Lepas Perang Hunain, Nabi Muhammad
Shallallahu ‘Alaihi wa Sallam memberikan ghanimah (harta rampasan
perang) kepada Al-Aqra’ bin Habis dan ‘Uyainah bin Hishn. Keduanya
merupakan mualaf yang disegani semasa jahiliyahnya.
Selain kedua orang tersebut, Nabi Shallallahu ‘Alaihi wa Sallam juga mengutamakan pemberian kepada beberapa tokoh Quraisy.
Merespons tindakan Nabi tersebut, seorang
laki-laki yang menurut Imam Al-Bukhari adalah Dzul Khuwaishirah berkata
dengan lantang, “Demi Allah! Pembagian ini tidak adil dan tidak
dimaksudkan untuk mencari ridha Allah Ta’ala!”
Kepada laki-laki tersebut, sahabat mulia
‘Abdullah bin Mas’ud Radiyallahu ‘anhu menyatakan, “Akan kusampaikan hal
itu kepada baginda Rasulullah.”
Sesampainya di hadapan Nabi, ‘Abdullah
bin Mas’ud menyampaikan kalimat protes dari Dzul Khuwaisirah. Raut muka
Nabi yang biasanya dihiasi senyum indah serta-merta berubah menjadi
kesumba merah.
“Siapakah yang akan berbuat adil jika Allah Ta’ala dan Rasul-Nya dianggap berbuat tidak adil?!” tegas Nabi.

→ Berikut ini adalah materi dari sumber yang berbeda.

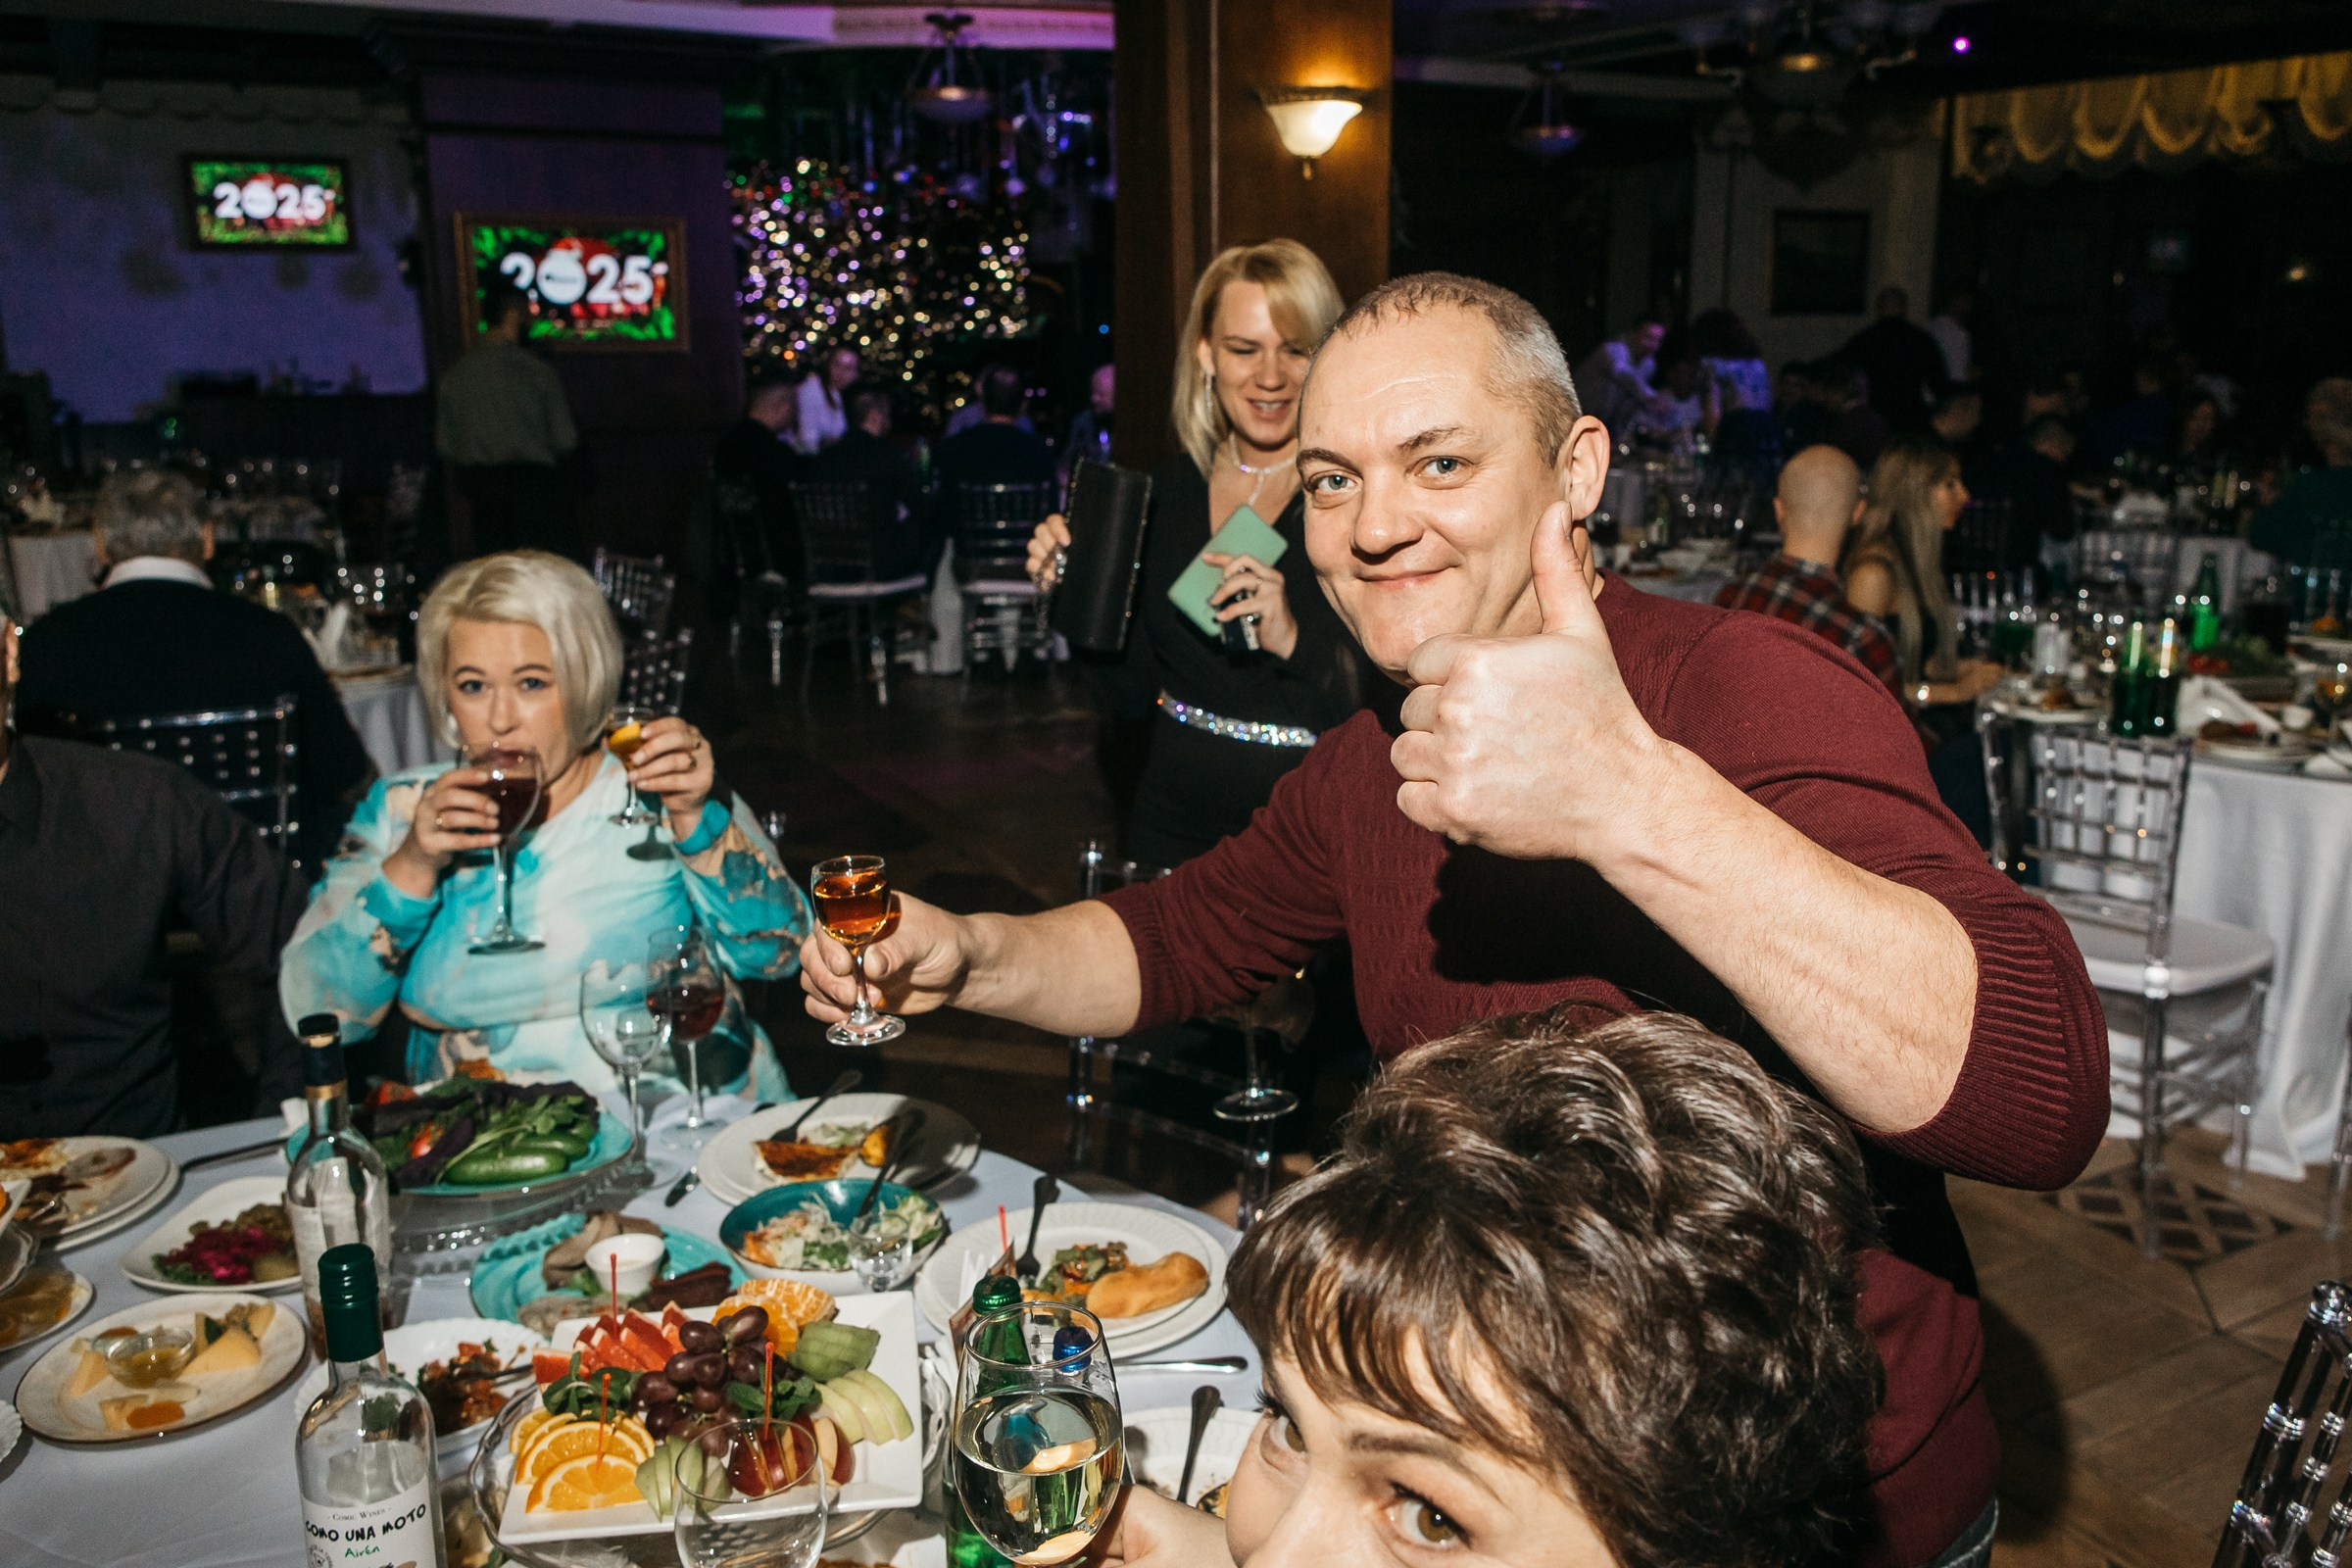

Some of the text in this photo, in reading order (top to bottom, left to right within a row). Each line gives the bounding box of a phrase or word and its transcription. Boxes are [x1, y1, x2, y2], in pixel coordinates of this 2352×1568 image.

Namun tak berselang lama dari kalimat tersebut, Nabi menyusulnya dengan kalimat pujian kepada Nabi Musa ‘Alaihis salam.
“Semoga Allah Ta’ala merahmati Musa ‘Alaihis salam. Ia telah diberi cobaan lebih dari itu, akan tetapi ia bersabar.”
Mahabenar Allah Ta’ala dengan semua
Firman-Nya. Tiada manusia yang paling benar dan jujur tuturnya, selain
Nabi Shallallahu ‘Alaihi wa Sallam yang terbukti shiddiq.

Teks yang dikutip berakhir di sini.